How to build muscle like my mom did

Dad had a butcher shop in a small town and when I was a child I used to watch my mother make meat. She used to cook ox trotters for hours in a huge pot on the old wood stove. When she was so soft that her bones were clean enough, she took the soft mass of meat and sinew, chopped it up, and mixed it with the clear broth that was left in the pot. This magically turned into a hard jelly in the fridge.

As a young mother, I watched her make meat for church bazaars while trying to keep my two active youngsters out of trouble. Now, many years after her death, I only cook for myself and try to imitate the flavor of the meat that I used to make, because the exact recipe was never written. Neither is it now since few people still do it.

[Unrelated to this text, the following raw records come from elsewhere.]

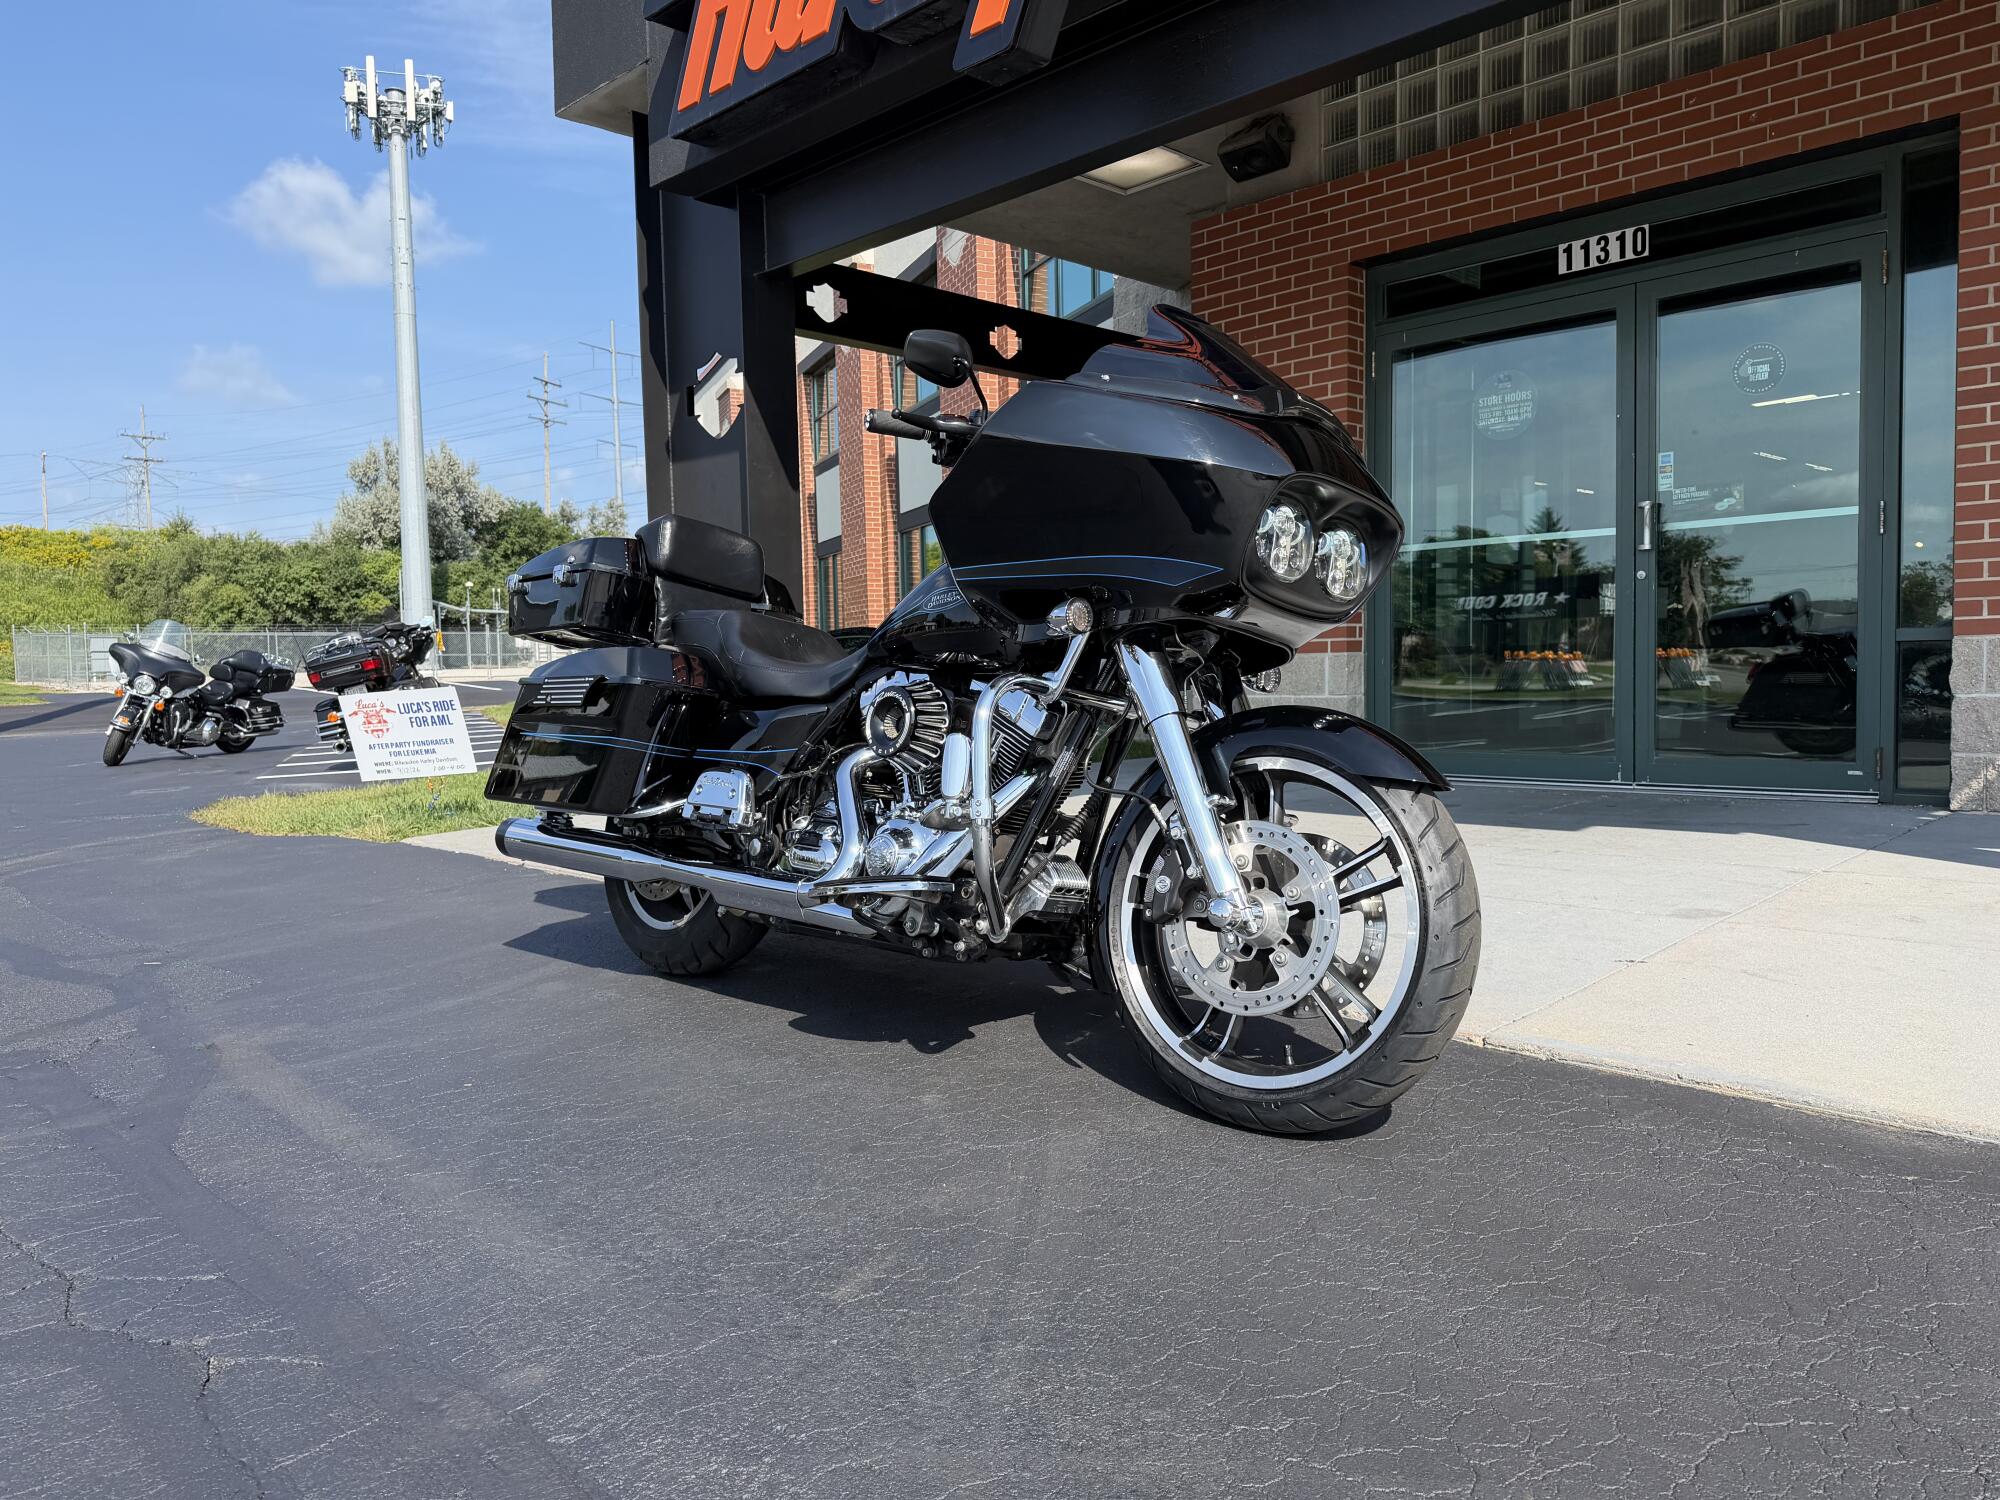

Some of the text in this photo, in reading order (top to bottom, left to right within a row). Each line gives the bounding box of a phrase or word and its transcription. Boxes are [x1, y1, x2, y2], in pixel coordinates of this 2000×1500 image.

[1562, 226, 1647, 272] 11310
[1479, 395, 1502, 407] STORE
[1504, 390, 1532, 403] HOURS
[354, 698, 385, 710] Luca's
[397, 699, 457, 715] LUCA'S RIDE
[409, 714, 454, 728] FOR AML
[368, 738, 455, 751] AFTER PARTY FUNDRAISER
[403, 748, 437, 757] LEUKEMIA

Brawn is so quick and simple when prepared in a pressure cooker and I have found it to be a great resource to have around the house.

Will need:

  • 1 kg of well cleaned ox trotters. (I buy it frozen at the supermarket butcher
  • Enough water to cover little hands in a pressure cooker
  • salt and pepper
  • 1 – 2 tablespoons of vinegar for every liter of water

I remember that my mother’s meat tasted slightly sour and I read that vinegar draws calcium out of the bones. Ma was born in 1903 and her mother 25 years earlier. Now where did housewives in the 19th century learn this?

Method:

  • Cook the meat in a pressure cooker for about 1 1/2 – 2 hours
  • Let cool with lid on until contents are cool enough to handle.
  • Strain and remove the bones.
  • Chop the very soft solids and put them back in the broth.
  • and add more salt if needed Pour into containers of your choice.
  • Mine goes in the fridge in an oblong Pyrex dish covered with aluminum foil.

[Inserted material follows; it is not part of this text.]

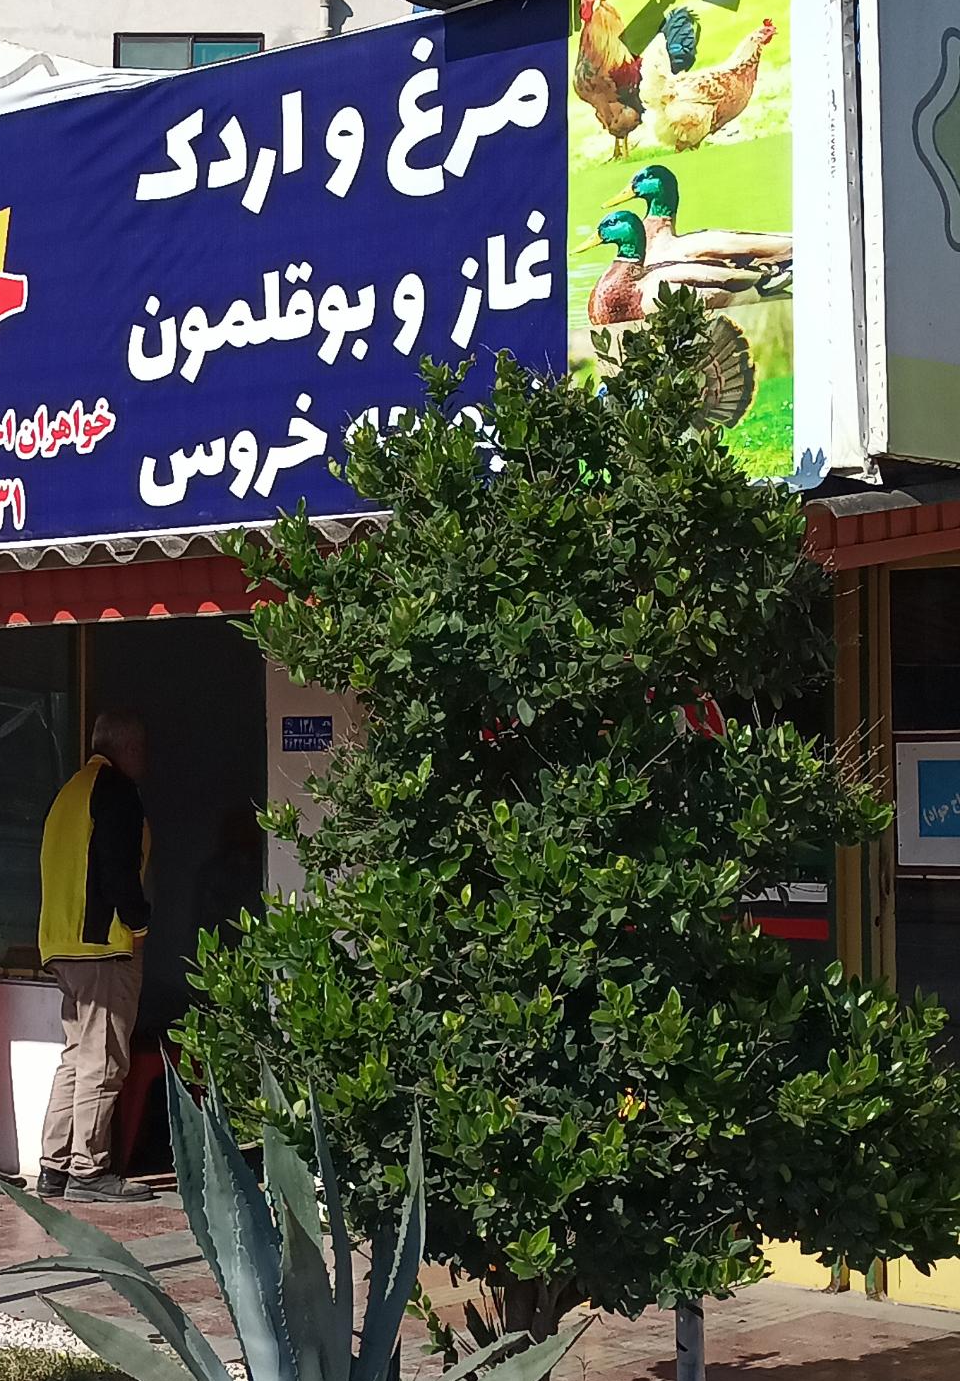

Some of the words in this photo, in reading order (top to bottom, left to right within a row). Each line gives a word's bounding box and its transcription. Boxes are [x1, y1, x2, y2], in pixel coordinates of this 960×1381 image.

When done, there is a thin layer of soft fat on top that can be easily scraped off before serving. It doesn’t freeze well.

Seasonings can vary and nowadays I add a clove minced onion, a few peppercorns, a few herbs like thyme and a sprig of rosemary for extra subtle flavor. I only use ox trotters and not beef leg, as my mother used to do when she prepared meat for the church bazaars. I prefer the clear jelly and the smooth textured residue that fell off the bones like it used to in my early childhood.

Sometimes the meat containing beef curry is also placed in the form of a bread and thinly sliced ​​for serving. Others may prefer to add squares of sliced ​​ham or other cold cuts, chopped hard-boiled egg with finely chopped parsley, small cubes of multi-colored cooked vegetables such as beets and pickled gherkins or carrots and peas.

I personally crave the taste of early childhood when I tasted what my mother must have tasted at her childhood home on the family farm, while watching her own mother make meat. Perhaps vinegar was also used as a preservative in those days before refrigeration, hence the spiciness of Ma’s meat?

Enjoy!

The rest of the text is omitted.